Bild vom Verwaltungsgebäude der Handwerkskammer Chemnitz
Schmidtfoto-Chemnitz

Politik muss Fokus auf Stärkung der Wirtschaft legen

Handwerkstag: Innungsverbände lehnen Novelle zum sächsischen Vergabegesetz ab / Mitgliederversammlung verabschiedet Resolution

Vor dem Hintergrund einer drohenden Verfestigung der Krise am Wirtschaftsstandort Deutschland hat der Sächsische Handwerkstag die politischen Entscheidungsträger auf Bundes- und Landesebene aufgefordert, die Wirtschaft zu stabilisieren und dabei Prioritäten strategisch auf die Zukunftssicherung des Landes auszurichten.

„Der Fokus muss auf der Stärkung der Wirtschaft liegen. Ohne eine starke Wirtschaft sind die gesellschaftspolitischen Ziele nicht umsetzbar“, heißt es dazu in einer von der Mitgliederversammlung des Sächsischen Handwerkstages verabschiedeten Resolution.

Als politische Handlungsschwerpunkte benennt die Dachorganisation des Wirtschaftsbereichs Handwerk im Freistaat in dem Papier vor allem

  • die Senkung der im europäischen Vergleich zu hohen Energiepreise,
  • den Abbau von ausufernder Bürokratie (einschl. Verhinderung des Entstehens neuer Bürokratie),
  • eine grundlegende Neujustierung der Bildungspolitik, die Deutschland/Sachsen wieder zu Wettbewerbsfähigkeit und Attraktivität verhilft sowie
  • die Rückkehr zu einem rechtskonformen Bundeshaushalt gemäß dem jüngsten Urteil des Bundesverfassungsgerichtes.

Auf Ablehnung der im Handwerkstag organisierten Innungs- und Fachverbände stößt landespolitisch die geplante Novelle des Sächsischen Vergabegesetzes. Das Verfahren der öffentlichen Auftragsvergabe für Unternehmen und Verwaltung durch neue bürokratische Auflagen zu verkomplizieren, sei „die falsche politische Antwort auf die derzeitige Baukrise“.

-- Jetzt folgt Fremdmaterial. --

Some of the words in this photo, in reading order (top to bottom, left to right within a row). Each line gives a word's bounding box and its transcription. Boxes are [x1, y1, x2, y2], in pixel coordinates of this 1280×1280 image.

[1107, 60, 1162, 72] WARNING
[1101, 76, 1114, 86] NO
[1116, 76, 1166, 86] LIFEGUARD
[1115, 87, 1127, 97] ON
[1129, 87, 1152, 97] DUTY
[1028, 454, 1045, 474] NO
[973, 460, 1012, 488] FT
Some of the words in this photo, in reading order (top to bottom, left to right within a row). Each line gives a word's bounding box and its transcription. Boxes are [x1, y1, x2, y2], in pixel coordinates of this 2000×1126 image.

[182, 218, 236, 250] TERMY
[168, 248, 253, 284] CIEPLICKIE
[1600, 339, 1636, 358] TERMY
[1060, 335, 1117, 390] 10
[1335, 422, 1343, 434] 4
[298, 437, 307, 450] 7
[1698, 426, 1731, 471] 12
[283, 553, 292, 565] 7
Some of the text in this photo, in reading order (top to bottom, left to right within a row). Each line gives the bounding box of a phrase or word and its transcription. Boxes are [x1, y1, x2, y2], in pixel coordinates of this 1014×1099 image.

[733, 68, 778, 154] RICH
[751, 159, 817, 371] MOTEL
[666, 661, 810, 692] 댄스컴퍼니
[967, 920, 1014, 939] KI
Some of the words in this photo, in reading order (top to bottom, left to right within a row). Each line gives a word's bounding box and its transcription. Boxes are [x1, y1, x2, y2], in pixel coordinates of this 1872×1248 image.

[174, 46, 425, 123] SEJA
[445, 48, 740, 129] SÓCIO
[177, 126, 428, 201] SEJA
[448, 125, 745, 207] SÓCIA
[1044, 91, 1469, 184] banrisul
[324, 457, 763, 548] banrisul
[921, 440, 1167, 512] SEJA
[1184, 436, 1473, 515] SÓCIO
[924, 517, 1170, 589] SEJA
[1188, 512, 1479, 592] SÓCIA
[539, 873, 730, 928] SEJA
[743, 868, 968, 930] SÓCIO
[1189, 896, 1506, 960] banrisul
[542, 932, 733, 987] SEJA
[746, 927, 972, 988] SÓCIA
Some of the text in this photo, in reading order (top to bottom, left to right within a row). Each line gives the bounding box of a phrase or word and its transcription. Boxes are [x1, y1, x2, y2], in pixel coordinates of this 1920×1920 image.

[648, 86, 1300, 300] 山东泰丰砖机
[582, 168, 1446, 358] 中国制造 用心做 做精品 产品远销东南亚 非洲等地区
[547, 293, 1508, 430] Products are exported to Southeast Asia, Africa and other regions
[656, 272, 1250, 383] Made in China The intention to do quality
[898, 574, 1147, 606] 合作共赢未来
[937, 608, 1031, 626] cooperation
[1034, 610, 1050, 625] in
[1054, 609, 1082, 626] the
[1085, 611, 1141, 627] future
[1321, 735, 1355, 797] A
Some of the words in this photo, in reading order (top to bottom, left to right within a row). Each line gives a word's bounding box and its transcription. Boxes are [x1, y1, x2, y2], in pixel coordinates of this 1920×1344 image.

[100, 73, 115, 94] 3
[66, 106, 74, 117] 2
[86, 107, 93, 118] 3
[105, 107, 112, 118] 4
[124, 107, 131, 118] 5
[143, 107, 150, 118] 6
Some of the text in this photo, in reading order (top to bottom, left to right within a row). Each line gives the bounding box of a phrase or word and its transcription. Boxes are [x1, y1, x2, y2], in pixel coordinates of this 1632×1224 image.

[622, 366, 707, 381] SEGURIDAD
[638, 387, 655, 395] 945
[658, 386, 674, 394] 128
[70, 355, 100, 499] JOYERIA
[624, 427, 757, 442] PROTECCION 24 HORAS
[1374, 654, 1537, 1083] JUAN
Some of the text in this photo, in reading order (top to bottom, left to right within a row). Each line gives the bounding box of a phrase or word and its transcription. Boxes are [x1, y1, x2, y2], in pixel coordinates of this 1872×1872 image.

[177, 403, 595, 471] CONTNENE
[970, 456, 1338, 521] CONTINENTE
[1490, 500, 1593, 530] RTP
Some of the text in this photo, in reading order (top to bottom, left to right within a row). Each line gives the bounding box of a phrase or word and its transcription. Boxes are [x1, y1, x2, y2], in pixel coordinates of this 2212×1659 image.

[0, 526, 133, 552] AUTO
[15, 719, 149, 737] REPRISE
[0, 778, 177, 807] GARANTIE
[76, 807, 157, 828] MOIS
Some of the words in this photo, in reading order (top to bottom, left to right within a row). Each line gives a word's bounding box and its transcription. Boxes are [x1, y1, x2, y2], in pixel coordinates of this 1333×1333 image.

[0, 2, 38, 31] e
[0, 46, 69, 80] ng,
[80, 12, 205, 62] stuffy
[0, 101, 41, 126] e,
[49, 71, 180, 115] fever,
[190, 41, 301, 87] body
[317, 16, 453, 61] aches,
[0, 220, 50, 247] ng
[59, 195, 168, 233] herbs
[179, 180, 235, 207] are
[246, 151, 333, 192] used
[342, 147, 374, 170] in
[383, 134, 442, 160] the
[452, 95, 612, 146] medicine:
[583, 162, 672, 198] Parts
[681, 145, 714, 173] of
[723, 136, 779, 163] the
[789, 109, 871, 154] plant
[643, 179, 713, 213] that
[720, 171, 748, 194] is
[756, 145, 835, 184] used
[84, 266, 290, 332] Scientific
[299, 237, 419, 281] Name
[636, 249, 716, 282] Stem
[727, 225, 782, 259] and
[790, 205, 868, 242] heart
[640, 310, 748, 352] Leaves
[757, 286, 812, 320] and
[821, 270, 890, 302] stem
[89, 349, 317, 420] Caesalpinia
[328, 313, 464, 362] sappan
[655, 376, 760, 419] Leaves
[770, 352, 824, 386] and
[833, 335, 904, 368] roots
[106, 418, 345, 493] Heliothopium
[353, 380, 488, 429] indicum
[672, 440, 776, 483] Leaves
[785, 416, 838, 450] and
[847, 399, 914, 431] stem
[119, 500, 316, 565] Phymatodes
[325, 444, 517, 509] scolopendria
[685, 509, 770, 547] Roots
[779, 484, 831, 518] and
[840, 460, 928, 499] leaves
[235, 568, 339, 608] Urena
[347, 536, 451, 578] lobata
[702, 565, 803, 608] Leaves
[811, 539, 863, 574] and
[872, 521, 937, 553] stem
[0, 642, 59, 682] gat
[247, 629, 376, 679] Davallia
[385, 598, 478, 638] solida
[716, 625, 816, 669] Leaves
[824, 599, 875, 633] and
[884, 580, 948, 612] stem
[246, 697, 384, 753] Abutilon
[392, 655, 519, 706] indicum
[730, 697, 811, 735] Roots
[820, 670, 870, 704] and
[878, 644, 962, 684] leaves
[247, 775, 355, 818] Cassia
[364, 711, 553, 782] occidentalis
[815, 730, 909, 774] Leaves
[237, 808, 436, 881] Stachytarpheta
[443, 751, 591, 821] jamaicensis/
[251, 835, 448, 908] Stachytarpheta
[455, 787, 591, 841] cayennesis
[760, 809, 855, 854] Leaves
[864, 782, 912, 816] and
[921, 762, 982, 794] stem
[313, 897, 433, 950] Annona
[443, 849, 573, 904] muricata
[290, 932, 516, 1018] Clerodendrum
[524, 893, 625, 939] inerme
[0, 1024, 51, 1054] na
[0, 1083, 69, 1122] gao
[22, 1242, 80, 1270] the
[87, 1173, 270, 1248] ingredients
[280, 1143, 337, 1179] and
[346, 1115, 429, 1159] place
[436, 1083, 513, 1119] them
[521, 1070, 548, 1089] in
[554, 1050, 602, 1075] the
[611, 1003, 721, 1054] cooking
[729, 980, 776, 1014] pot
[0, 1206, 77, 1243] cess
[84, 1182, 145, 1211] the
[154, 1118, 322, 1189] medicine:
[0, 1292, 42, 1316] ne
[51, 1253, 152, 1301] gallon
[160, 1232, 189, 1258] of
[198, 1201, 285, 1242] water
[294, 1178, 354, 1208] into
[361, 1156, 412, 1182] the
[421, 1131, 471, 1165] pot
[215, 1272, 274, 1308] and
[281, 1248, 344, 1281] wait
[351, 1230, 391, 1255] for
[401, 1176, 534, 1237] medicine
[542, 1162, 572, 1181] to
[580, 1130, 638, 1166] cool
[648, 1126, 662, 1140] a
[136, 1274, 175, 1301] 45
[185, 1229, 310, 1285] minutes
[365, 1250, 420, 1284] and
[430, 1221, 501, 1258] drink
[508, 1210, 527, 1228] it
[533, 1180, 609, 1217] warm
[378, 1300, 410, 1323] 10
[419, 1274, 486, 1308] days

Vollständiger Text der Resolution:

Wirtschaft stabilisieren – richtige politische Prioritäten für die Zukunft des Landes setzen

Die deutsche Wirtschaft und somit der Wirtschaftsstandort droht, in eine längere Krise zu stürzen. Auch das Handwerk als binnenmarktorientierter Wirtschaftsbereich ist stark betroffen. Die Mitgliederversammlung des Sächsischen Handwerkstages als Spitzenorganisation des Sächsischen Handwerks und größte Landeshandwerksorganisation Ostdeutschlands fordert von den politischen Verantwortungsträgern auf Bundes- und Landesebene, die Wirtschaft zu stabilisieren und eine strategisch ausgerichtete Prioritätensetzung für die Zukunft des Landes und des gesamten Standortes vorzunehmen.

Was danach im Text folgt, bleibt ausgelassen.